结论 达格列净辅治在改善二甲双胍效果不佳肥胖/超重型T2DM患者血脂代谢、内脏脂肪、慢性炎症刺激方面具有良好效果,可有效缓解胰岛素抵抗,具有一定安全性,临床应用前景广阔。


关键词: 糖尿病,2型, 达格列净, 二甲双胍

Abstract: Objective To investigate the regulatory effect of metformin combined with dapagliflozin on the body′s glycolipid index, visceral adipose and chronic inflammatory stimulation in the treatment of poorly controlled type 2 diabetes mellitus (T2DM). 
Methods A total of 100 obese/overweight T2DM patients with poor response to metformin alone were selected and divided into control group (n=50) and observation group (n=50) by random number table method. The control group was given metformin combined with acarbose, and the observation group was given metformin combined with dapagliflozin.

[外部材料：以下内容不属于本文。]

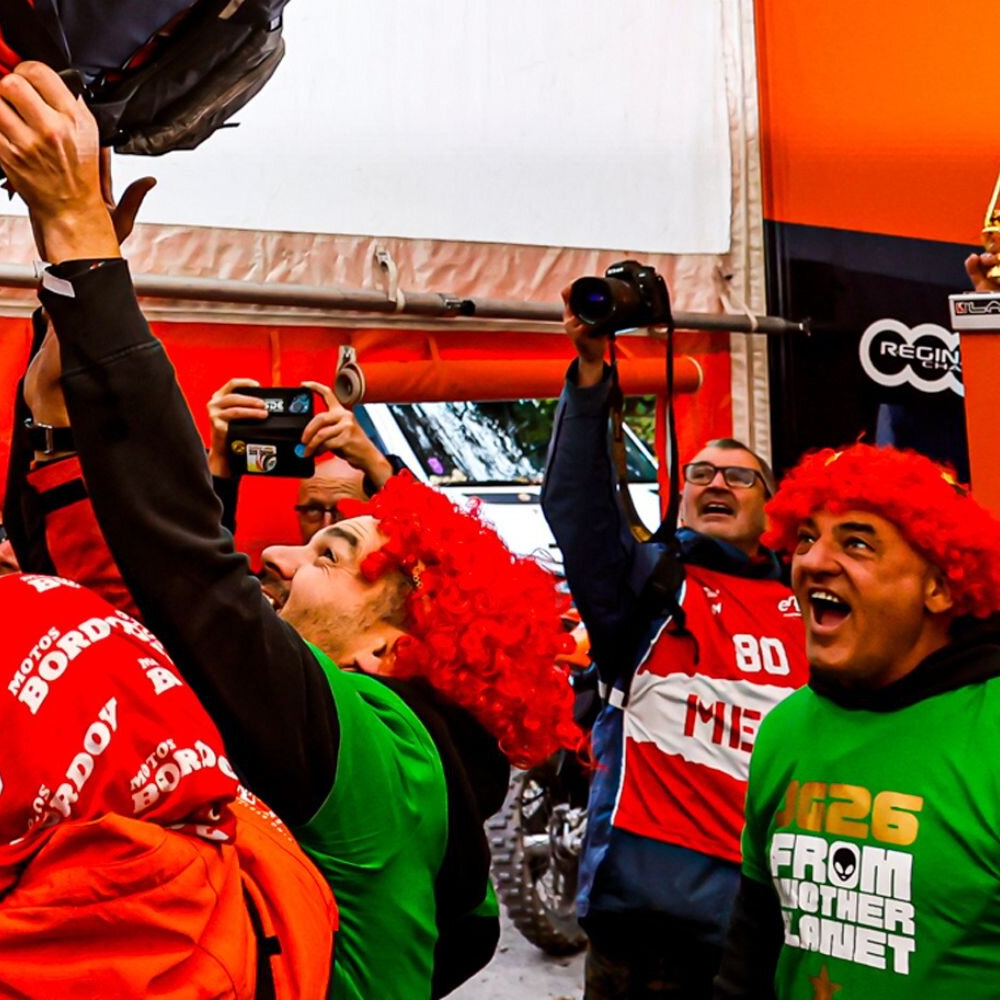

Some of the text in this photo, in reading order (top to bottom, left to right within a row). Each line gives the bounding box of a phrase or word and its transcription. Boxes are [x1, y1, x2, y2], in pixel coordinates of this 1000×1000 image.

[879, 340, 962, 366] REGIN
[921, 360, 963, 373] CHA
[7, 626, 61, 696] MOTOS
[732, 633, 791, 677] 80
[683, 693, 761, 754] ME
[42, 696, 118, 825] RDOY
[130, 738, 177, 791] MOTOS
[131, 740, 239, 814] BORDO
[775, 779, 924, 846] JG26
[769, 832, 914, 901] FROM
[773, 877, 916, 936] NOTHER
[782, 910, 916, 976] LANET
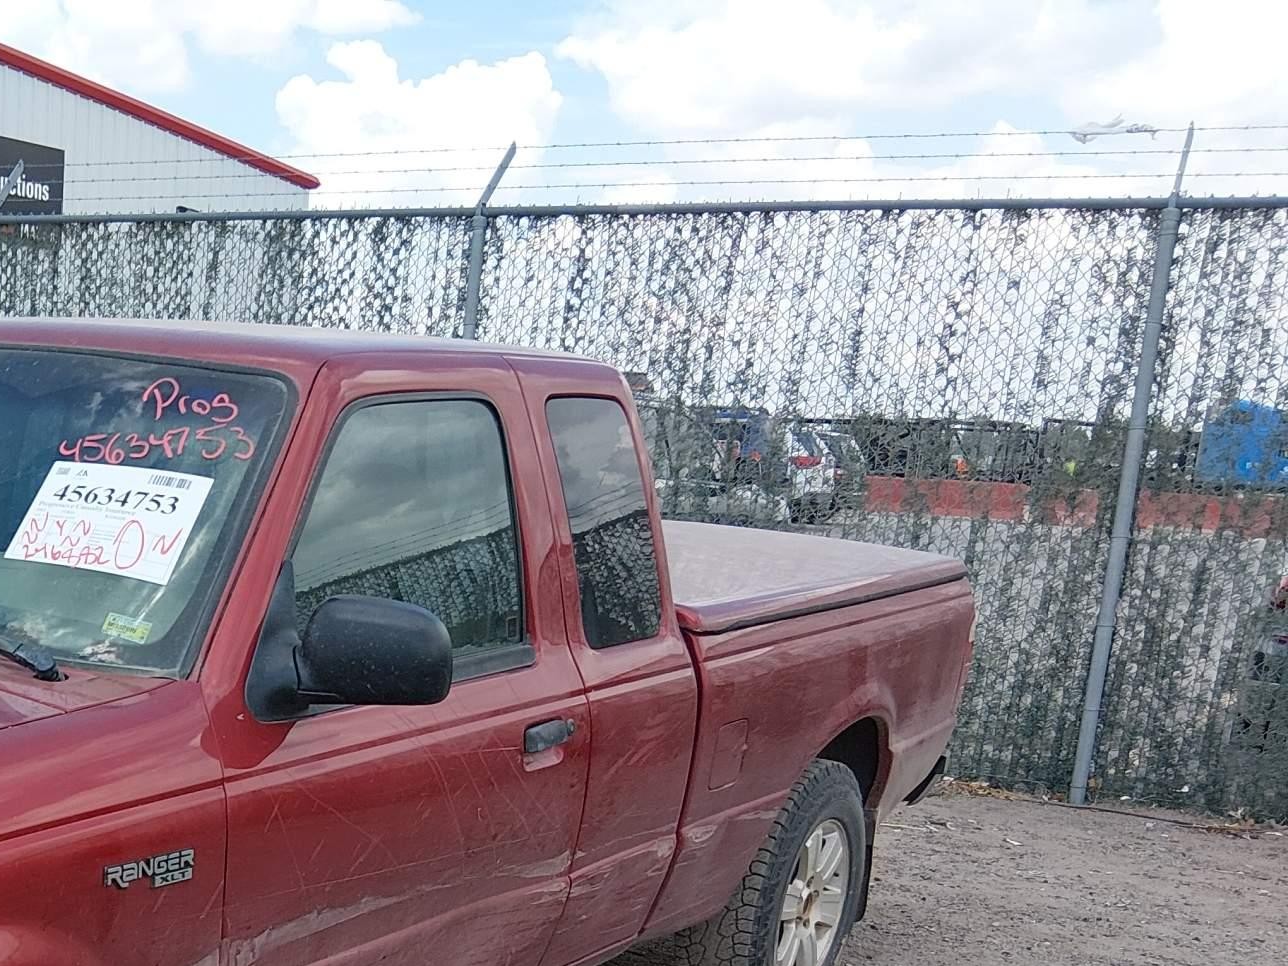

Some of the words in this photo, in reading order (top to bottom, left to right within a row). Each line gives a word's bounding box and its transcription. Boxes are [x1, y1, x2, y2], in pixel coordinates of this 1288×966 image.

[143, 377, 239, 423] Prog
[53, 484, 180, 515] 45634753
[103, 847, 195, 889] RANGER
[159, 870, 189, 885] XLT

The blood glucose levels [fasting plasma glucose (FPG), 2 h postprandial blood glucose (2 hPG), glycosylated hemoglobin A1c (HbA1c)], homeostatic model assessment insulin resistance (HOMA-IR), blood lipids [total cholesterol (TC), triglycerides (TG), high-density lipoprotein cholesterol (HDL-C), low-density lipoprotein cholesterol (LDL-C)], fat regulation indexes [Nesfatin-1, adiponectin (APN), visfatin, leptin, resistin], waist circumference, waist-to-hip ratio, body weight, visceral adipose (VA) on the umbilical plane, chronic inflammatory response indexes [C-reactive protein (CRP), interleukin-6 (IL-6), tumor necrosis factor-α (TNF-α), monocyte chemoattractant protein-1 (MCP-1)] and adverse reactions were compared between the two groups. 
Results Two cases were lost to follow-up in the observation group and one case in the control group. The difference of interaction between groups, time points and time points between groups were statistically significant with respect to FPG, 2 hPG, HbA1c, HOMA-IR, TC, TG, HDL-C, LDL-C, Nesfatin-1, APN, visfatin, leptin, resistin, waist circumference, waist-to-hip ratio, body weight, VA, CRP, IL-6, TNF-α and MCP-1 was statistically significant (P<0.05). There was no significant difference in the incidence of adverse reactions between two groups (P>0.05). 
Conclusion Dapagliflozin adjuvant treatment has a good effect on improving the lipid metabolism, visceral adipose, and chronic inflammatory stimulation in obese/overweight T2DM patients with poor response to metformin. It can effectively relieve insulin resistance with good safety, and has broad clinical application prospects.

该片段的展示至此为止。